Role of local response in manipulating the elastic properties of disordered solids by bond removal

TL;DR

This study investigates how local bond responses can be used to strategically remove bonds in disordered solids, enabling the design of auxetic materials with tailored elastic properties without causing cracks.

Contribution

It introduces a method that considers local bond responses to improve bond removal strategies for manipulating elastic properties in disordered networks.

Findings

Pruning can effectively tune bulk and shear moduli.

Auxetic materials can be designed without cracking.
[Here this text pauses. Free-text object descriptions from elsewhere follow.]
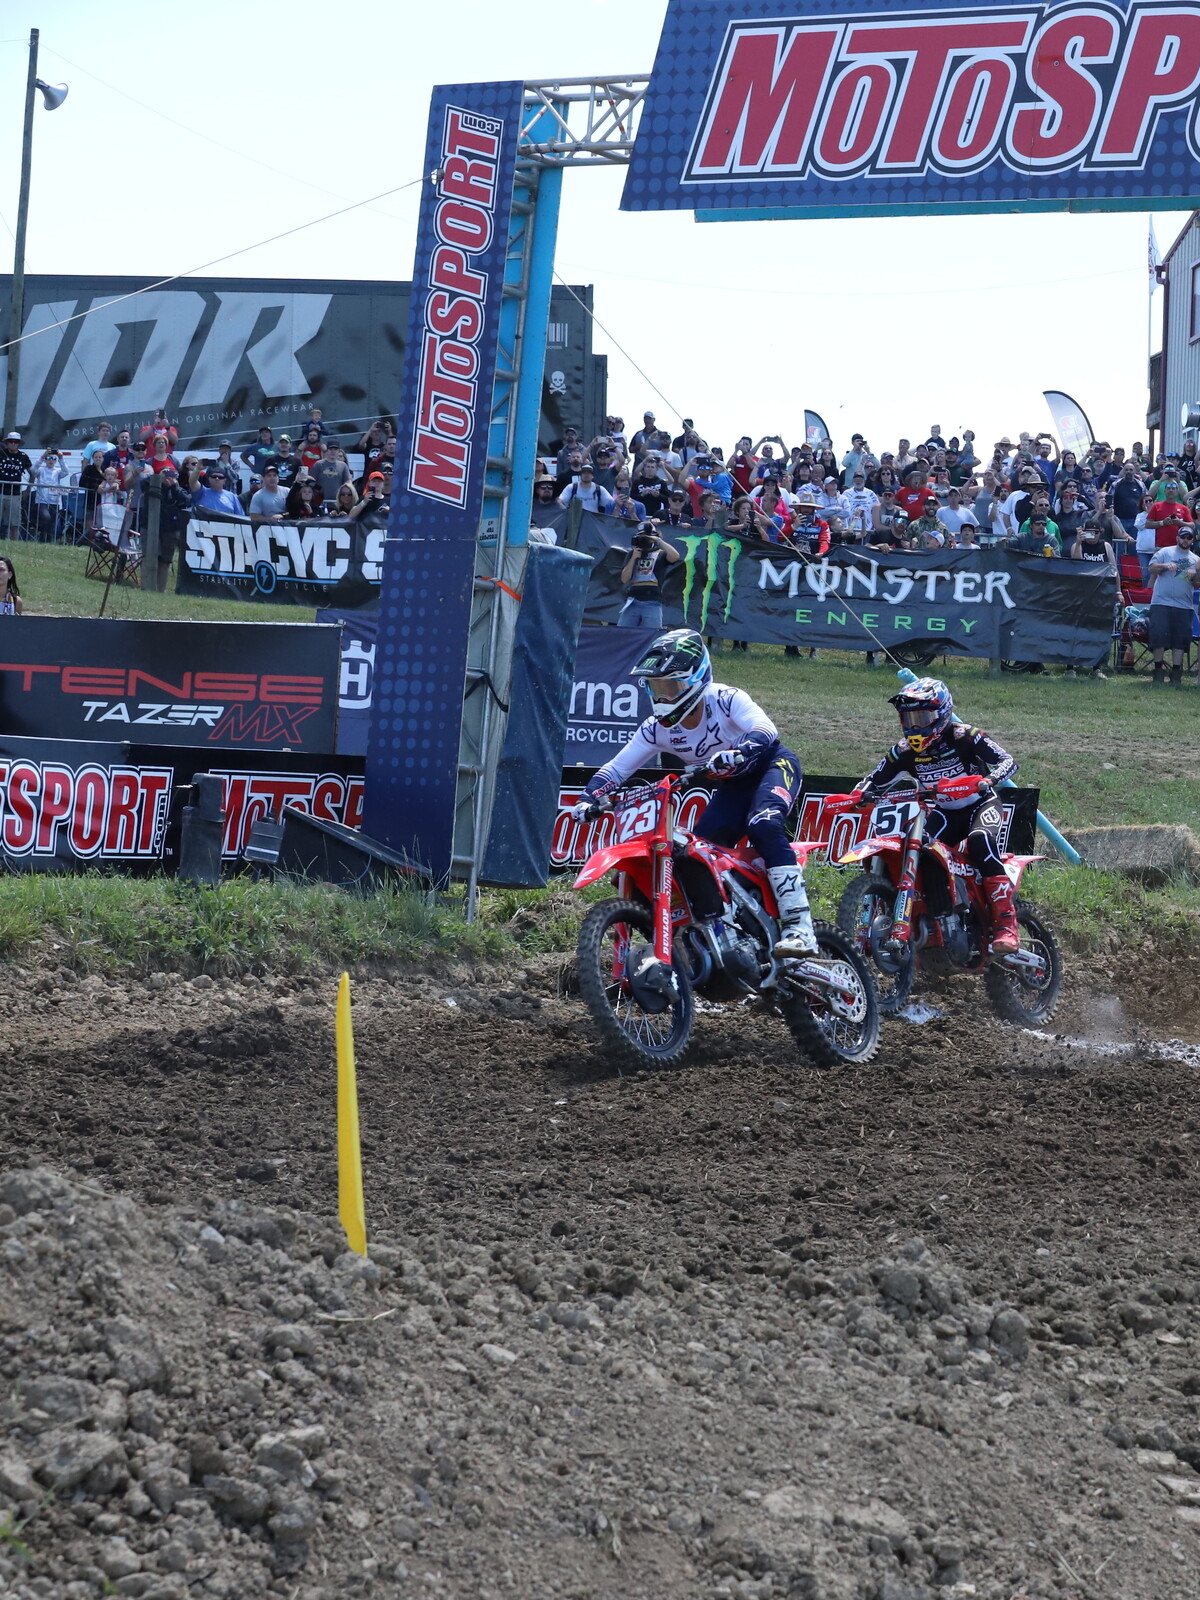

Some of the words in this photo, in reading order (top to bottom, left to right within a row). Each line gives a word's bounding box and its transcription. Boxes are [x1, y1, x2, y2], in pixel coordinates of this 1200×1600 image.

[186, 409, 244, 424] ORIGINAL
[250, 402, 315, 416] RACEWEAR
[185, 519, 351, 580] STACYC
[199, 575, 248, 586] STABILITY
[284, 583, 328, 593] CYCLE
[758, 557, 1017, 610] MONSTER
[796, 609, 979, 634] ENERGY
[82, 701, 225, 727] TAZER
[208, 704, 320, 743] MX
[918, 761, 965, 782] GASGAS
[618, 799, 662, 844] 23
[876, 803, 911, 836] 51
[898, 889, 907, 921] DUNLOP
[662, 908, 670, 957] DUNLOP
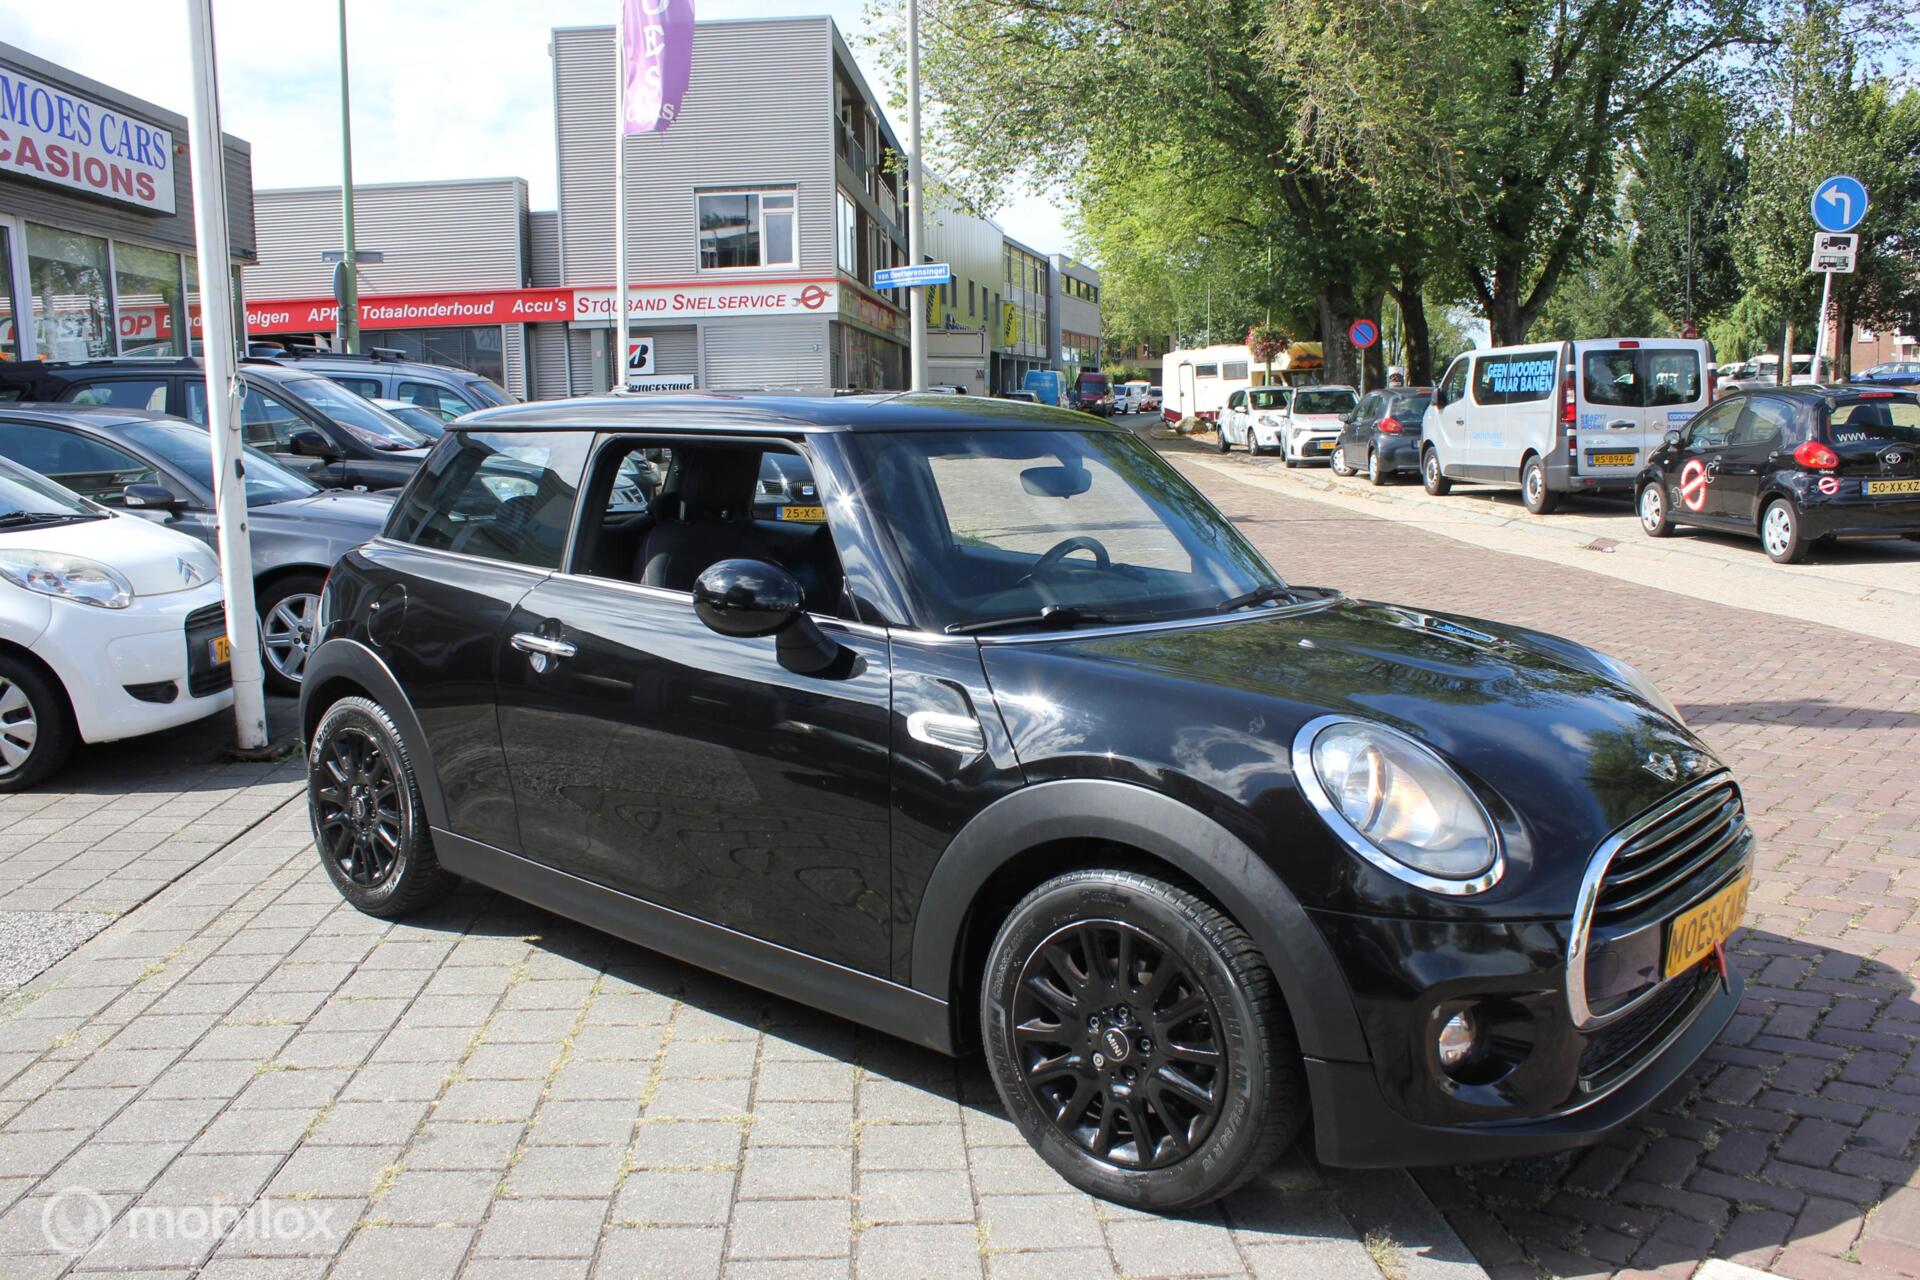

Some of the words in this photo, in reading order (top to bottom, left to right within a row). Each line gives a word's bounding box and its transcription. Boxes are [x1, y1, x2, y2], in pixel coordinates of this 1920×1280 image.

[0, 74, 92, 147] MOES
[100, 112, 167, 170] CARS
[246, 310, 290, 328] elgen
[361, 300, 495, 320] Totaalonderhoud
[512, 297, 567, 314] Accu's
[1487, 363, 1509, 378] GEEN
[1509, 360, 1554, 377] WOORDEN
[1494, 377, 1519, 392] MAAR
[1519, 375, 1553, 392] BANEN
[1106, 1033, 1123, 1057] MINI
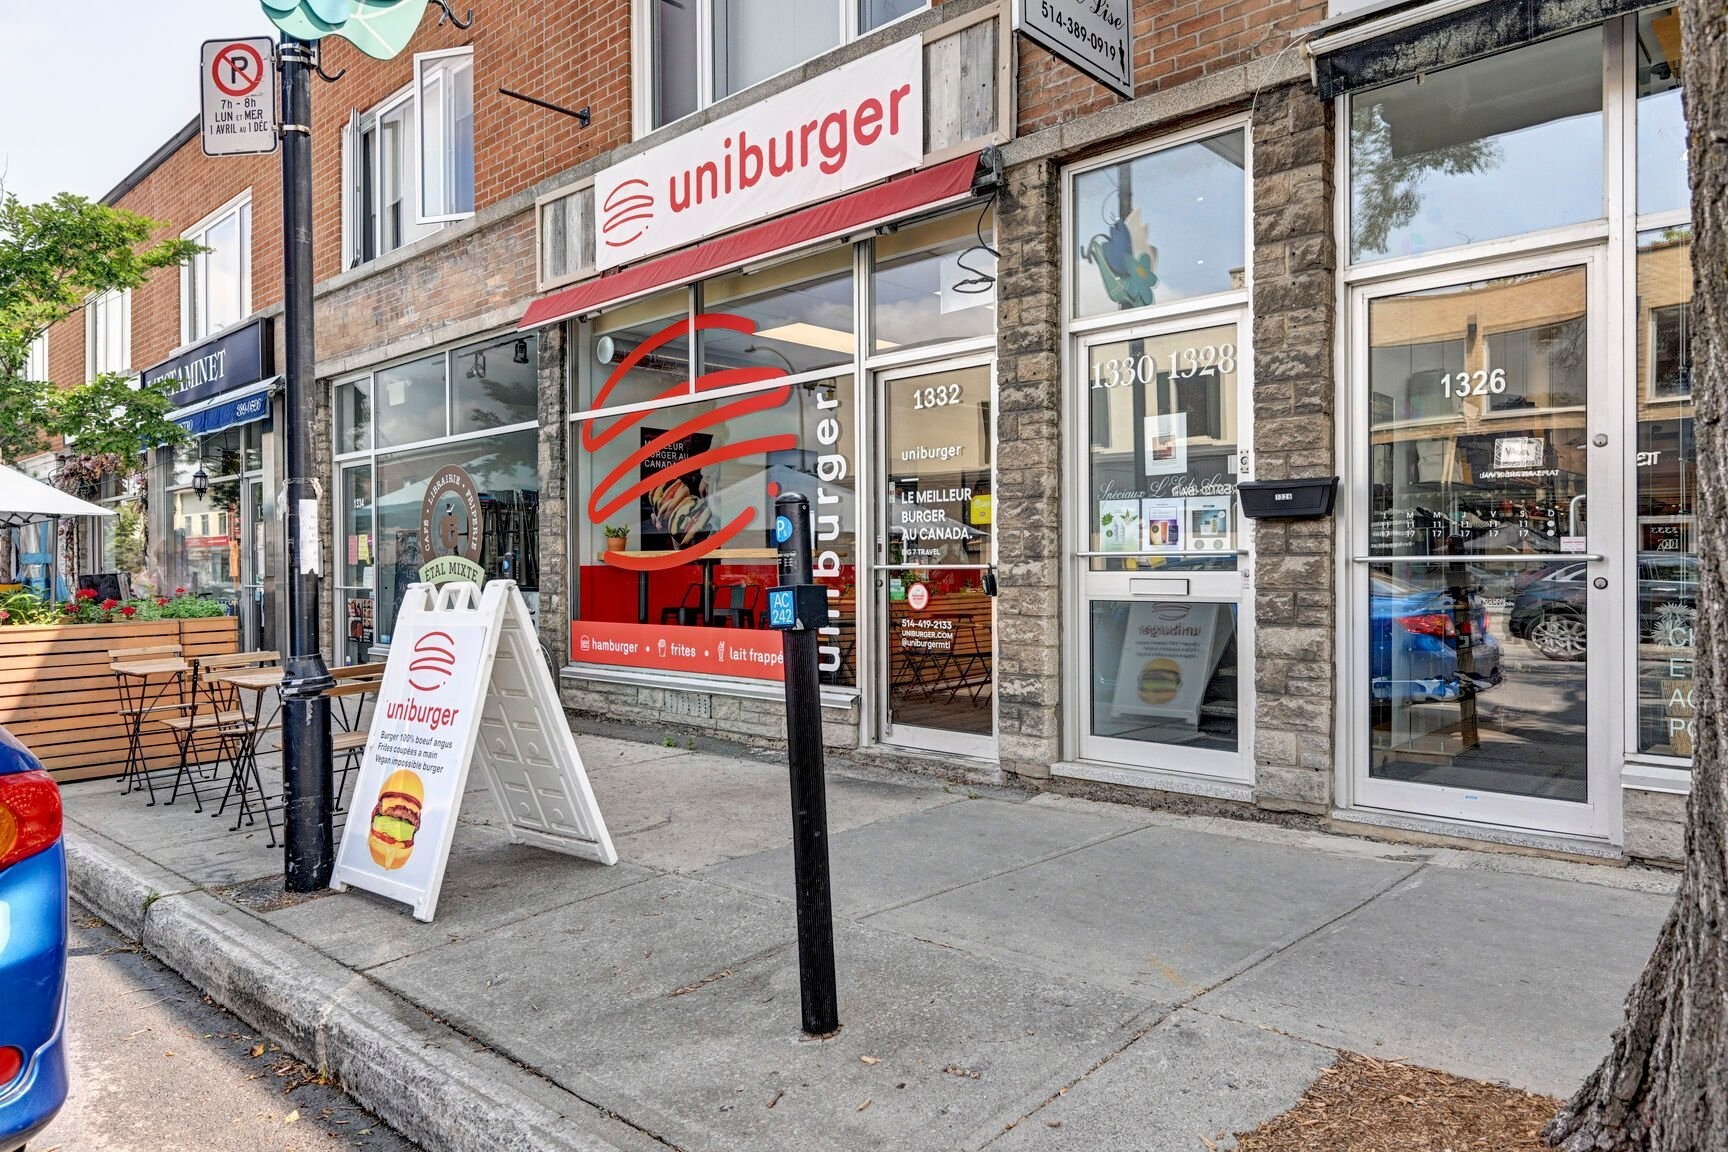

Spatial correlation lengths diverge near the isostatic limit.

Abstract

We explore the range over which the elasticity of disordered spring networks can be manipulated by the removal of selected bonds. By taking into account the local response of a bond, we demonstrate that the effectiveness of pruning can be improved so that auxetic (i.e., negative Poisson's ratio) materials can be designed without the formation of cracks even while maintaining the global isotropy of the network. The bulk, $B$, and shear, $G$, moduli scale with the number of bonds removed and we estimate the exponents characterizing these power laws. We also find that there are spatial correlation lengths in the change of $B$ and $G$ upon removing different bonds that diverge as the network approaches the isostatic limit where the excess coordination number $\Delta Z\rightarrow0$.